▶ _YOUR OBJECTIVE_:
Repeat every line of the data exactly, but not the pictures.

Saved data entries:
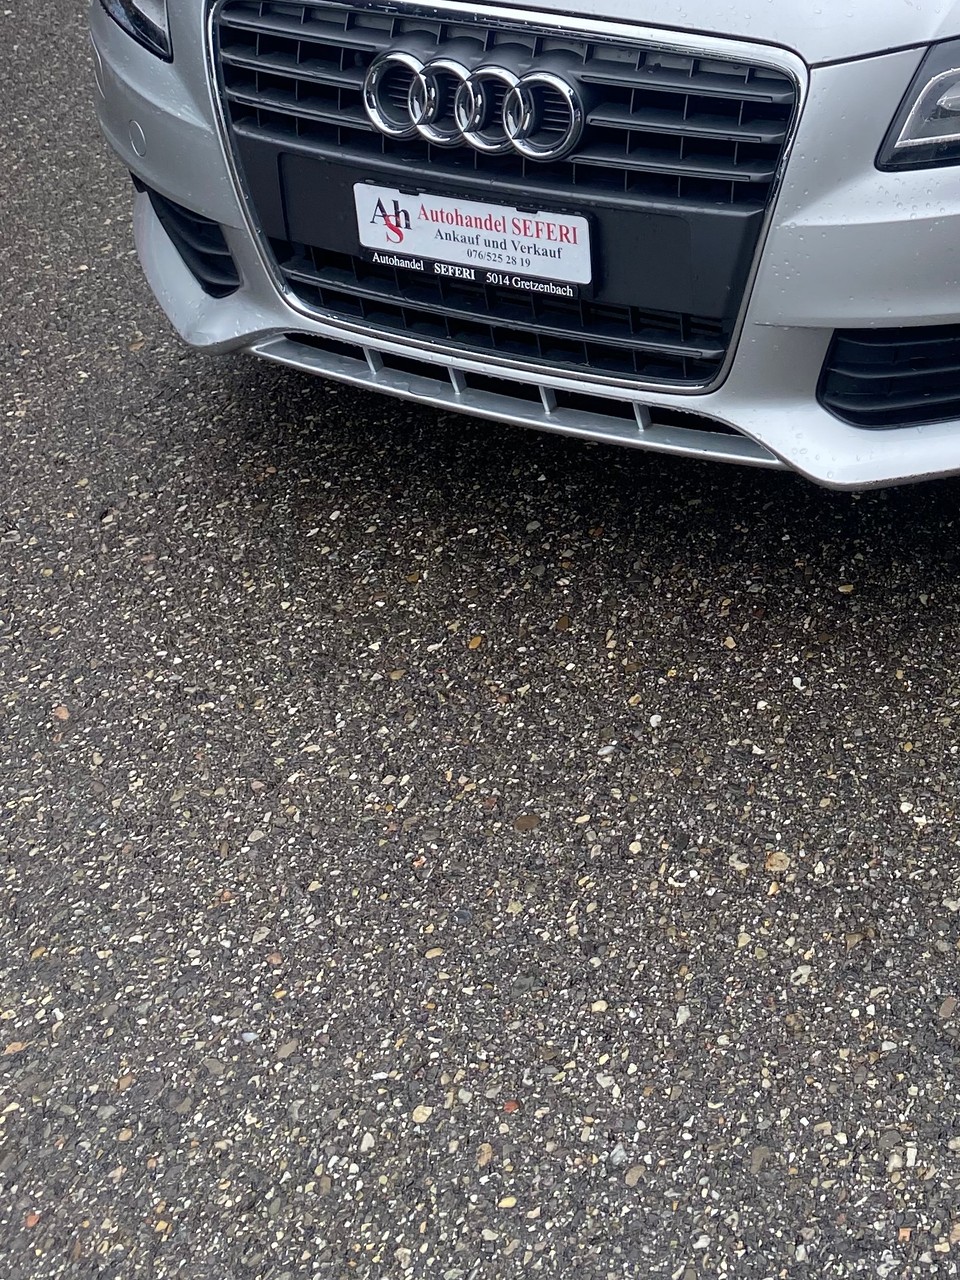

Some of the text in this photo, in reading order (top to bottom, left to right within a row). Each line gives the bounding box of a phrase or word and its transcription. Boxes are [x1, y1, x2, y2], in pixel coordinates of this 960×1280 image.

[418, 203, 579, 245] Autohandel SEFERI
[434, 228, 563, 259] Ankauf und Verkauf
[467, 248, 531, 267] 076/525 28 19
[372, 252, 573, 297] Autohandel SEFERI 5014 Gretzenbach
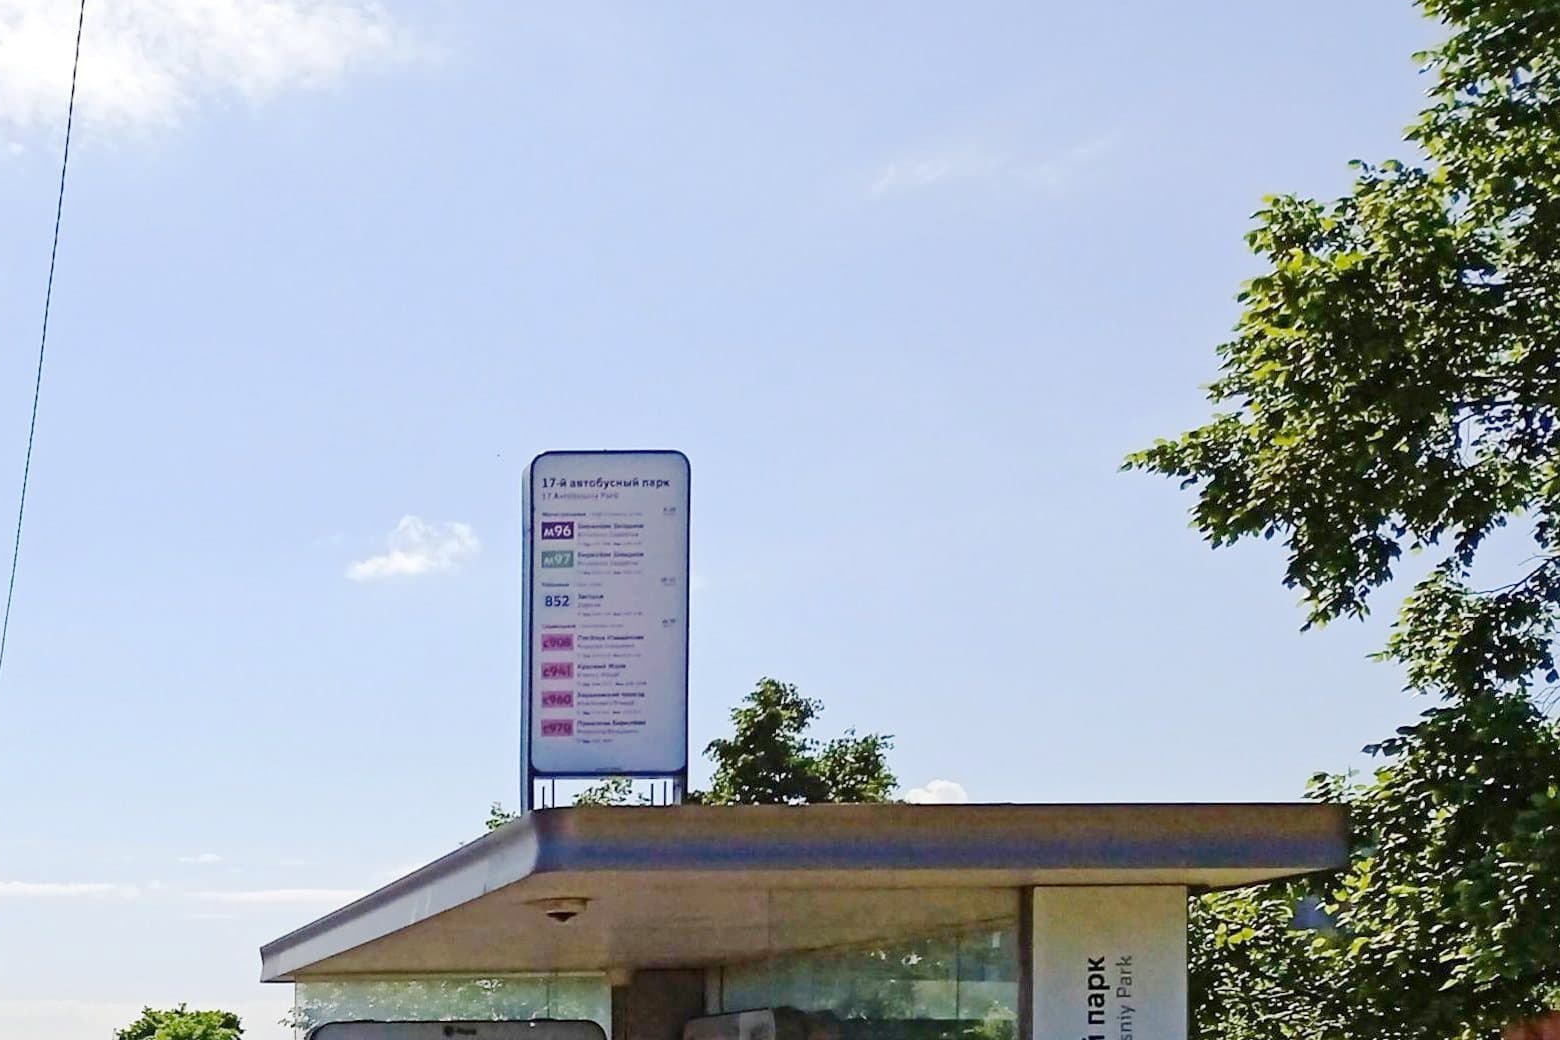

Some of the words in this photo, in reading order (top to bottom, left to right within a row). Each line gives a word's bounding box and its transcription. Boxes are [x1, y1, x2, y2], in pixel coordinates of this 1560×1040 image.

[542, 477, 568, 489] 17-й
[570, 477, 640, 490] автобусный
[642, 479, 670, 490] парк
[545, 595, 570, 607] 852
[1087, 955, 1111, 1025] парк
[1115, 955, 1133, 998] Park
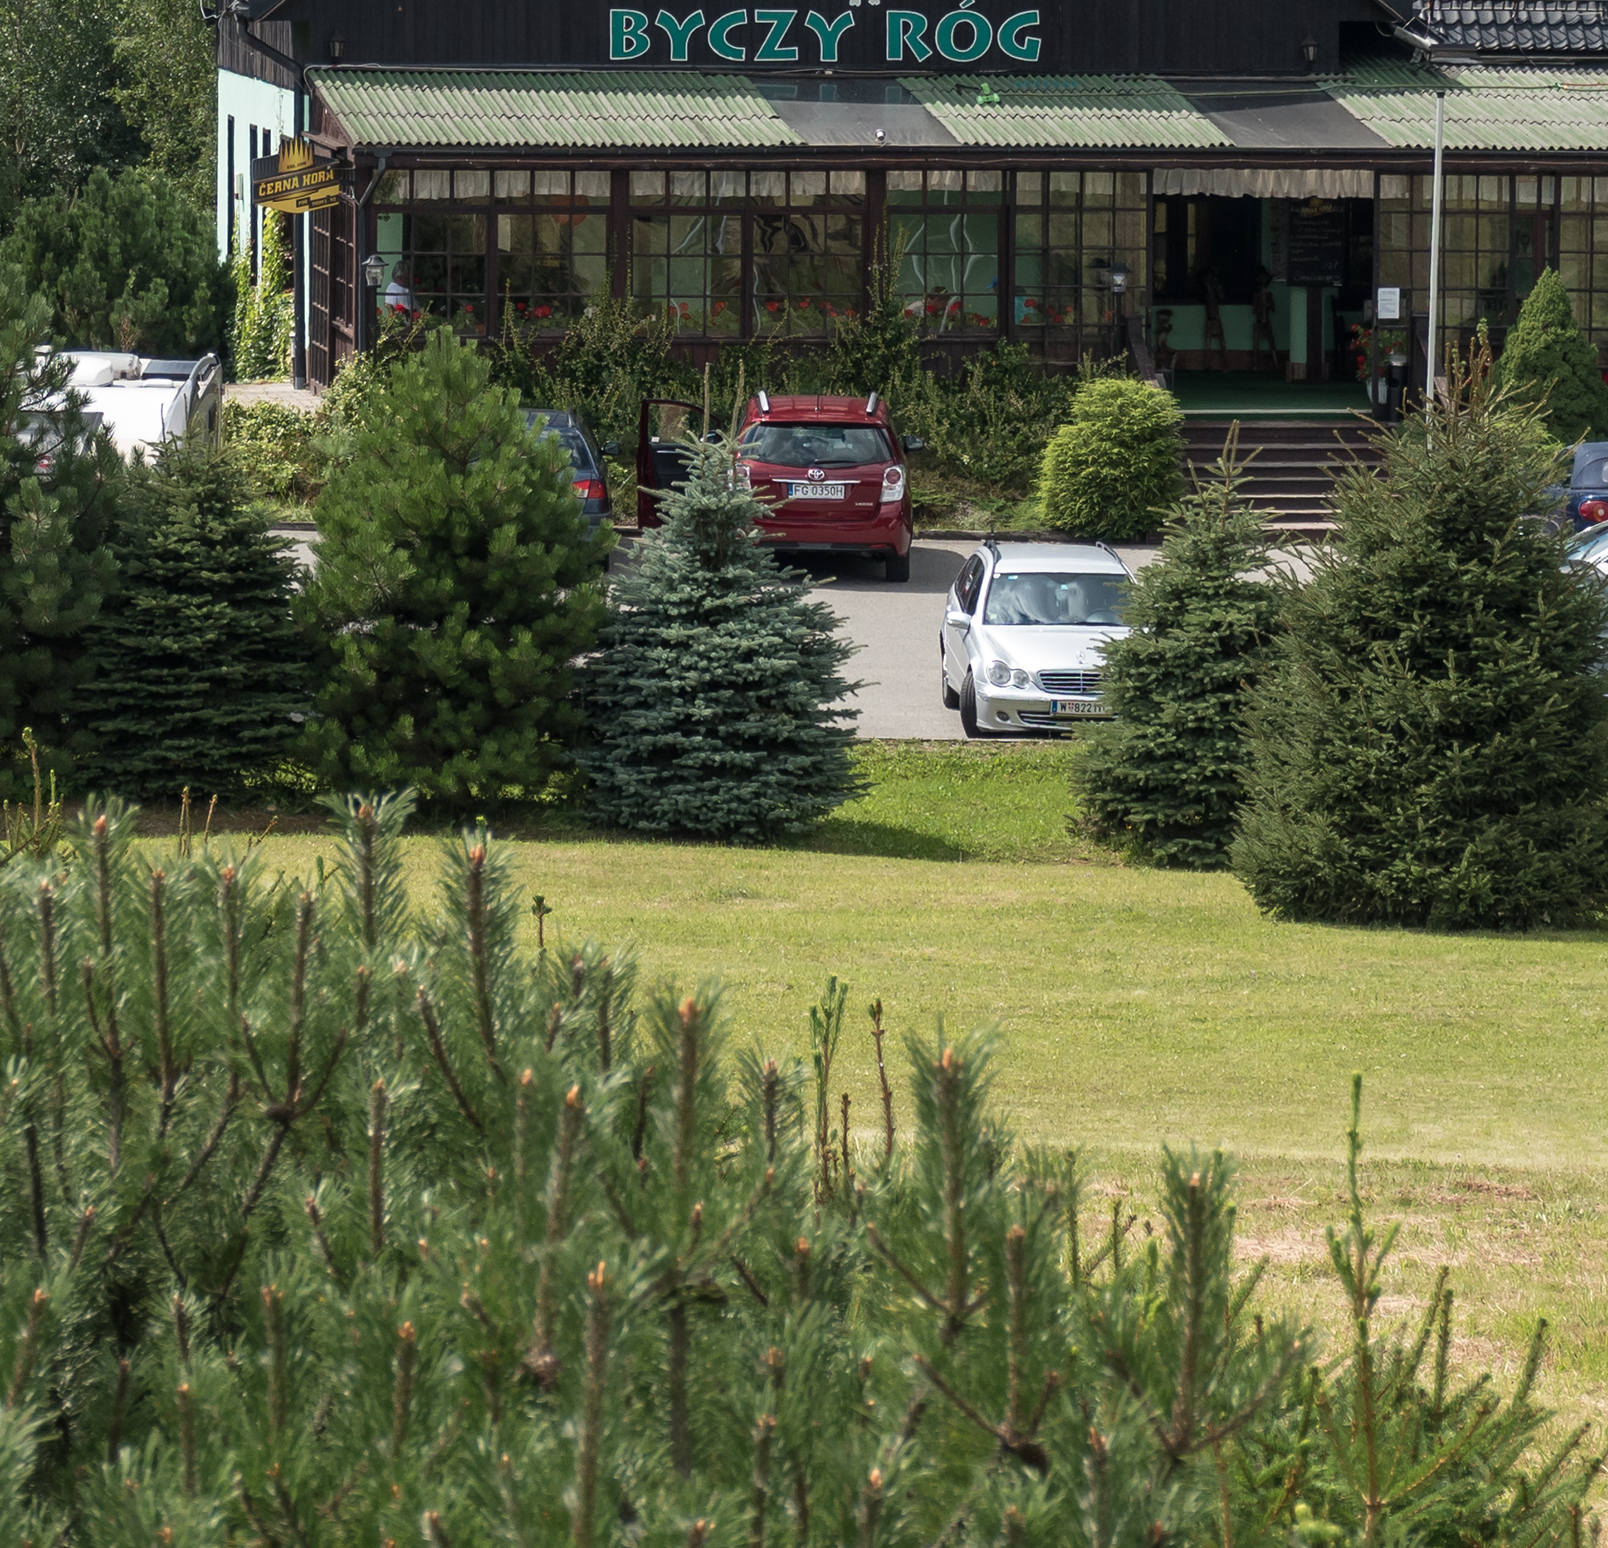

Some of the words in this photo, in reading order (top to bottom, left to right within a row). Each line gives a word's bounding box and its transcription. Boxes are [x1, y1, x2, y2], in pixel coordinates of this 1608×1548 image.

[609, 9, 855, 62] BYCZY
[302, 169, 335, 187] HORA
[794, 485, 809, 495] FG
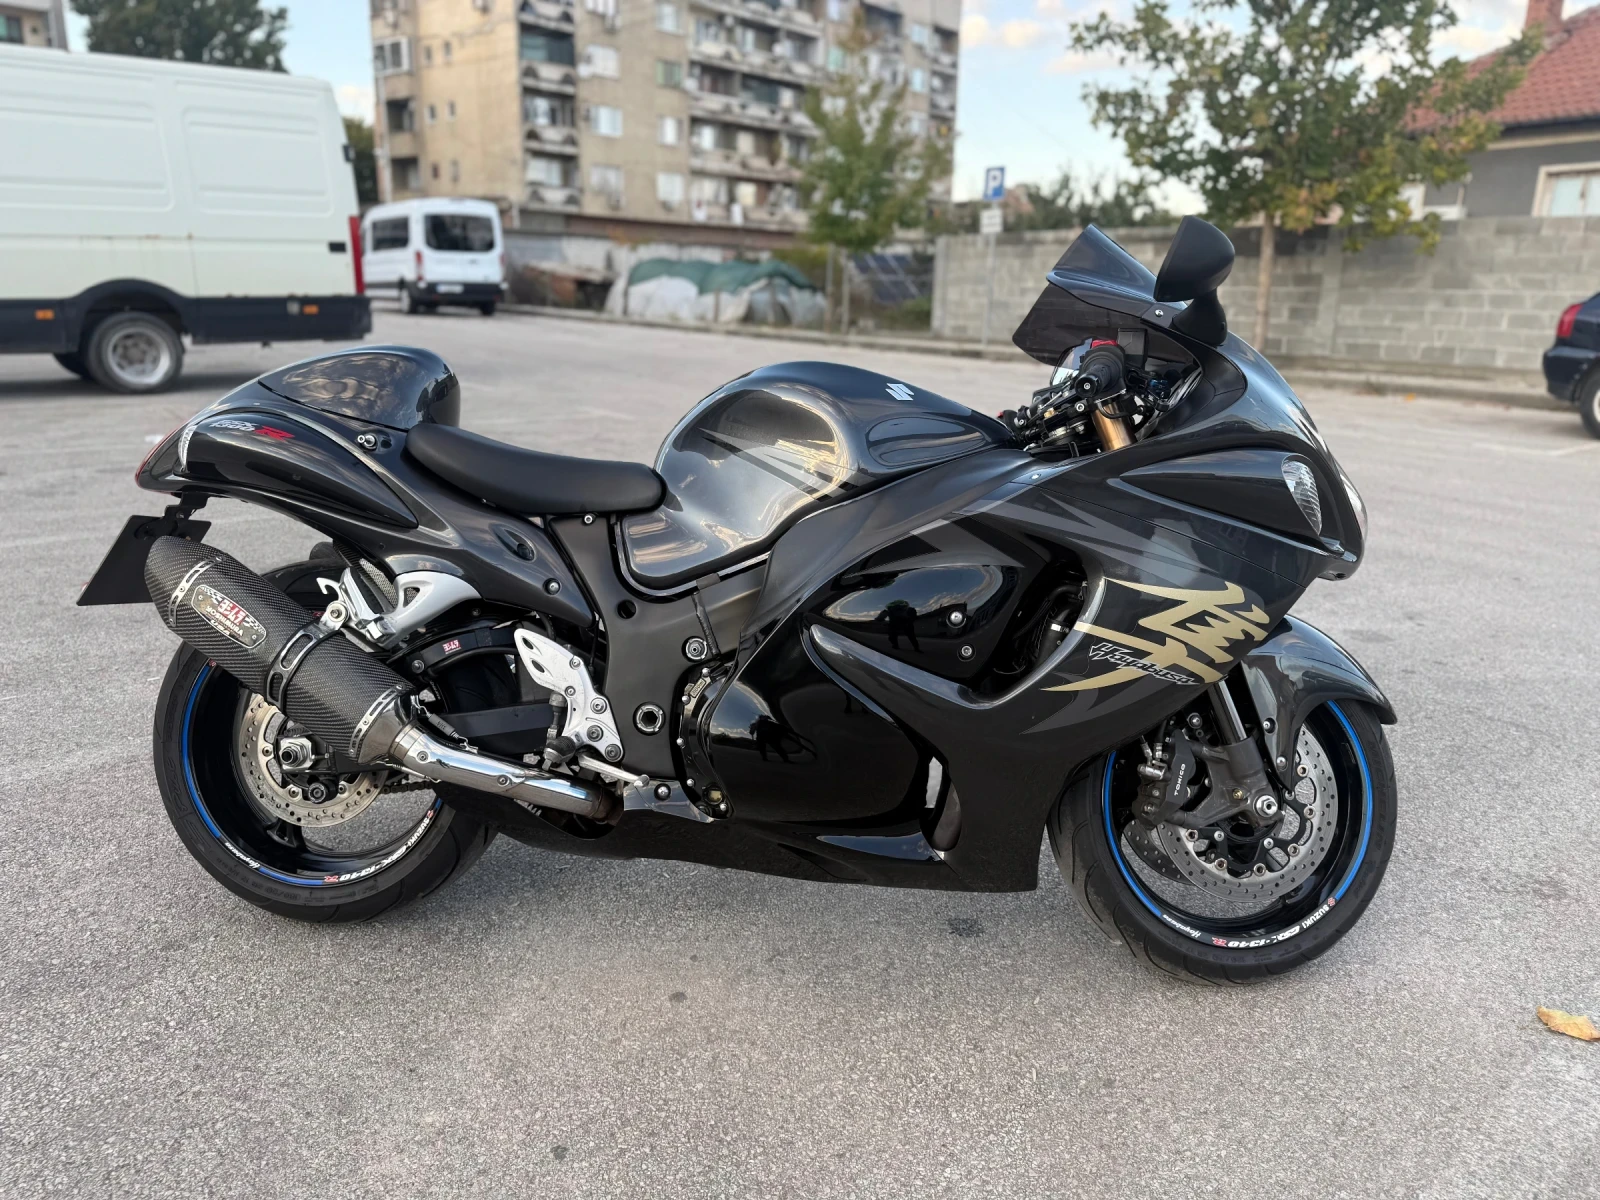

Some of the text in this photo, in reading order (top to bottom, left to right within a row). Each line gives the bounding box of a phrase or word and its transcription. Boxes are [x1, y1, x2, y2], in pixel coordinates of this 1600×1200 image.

▶ _ANSWER SPACE_:
Some of the text in this photo, in reading order (top to bottom, left to right within a row). Each line gives the bounding box of a phrase or word and its transcription. Boxes are [x1, y1, x2, y2], in pixel coordinates of this 960×1280 image.

[418, 203, 579, 245] Autohandel SEFERI
[434, 228, 563, 259] Ankauf und Verkauf
[467, 248, 531, 267] 076/525 28 19
[372, 252, 573, 297] Autohandel SEFERI 5014 Gretzenbach

Some of the words in this photo, in reading order (top to bottom, left to right within a row). Each line gives a word's bounding box and its transcription. Boxes are [x1, y1, x2, y2], in pixel coordinates of this 1560×1040 image.

[542, 477, 568, 489] 17-й
[570, 477, 640, 490] автобусный
[642, 479, 670, 490] парк
[545, 595, 570, 607] 852
[1087, 955, 1111, 1025] парк
[1115, 955, 1133, 998] Park

Some of the words in this photo, in reading order (top to bottom, left to right within a row). Each line gives a word's bounding box and its transcription. Boxes are [x1, y1, x2, y2], in pixel coordinates of this 1608×1548 image.

[609, 9, 855, 62] BYCZY
[302, 169, 335, 187] HORA
[794, 485, 809, 495] FG

Some of the text in this photo, in reading order (top to bottom, left to right within a row). Each line gives the bounding box of a phrase or word and its transcription. Boxes are [x1, y1, x2, y2], in pixel coordinates of this 1600×1200 image.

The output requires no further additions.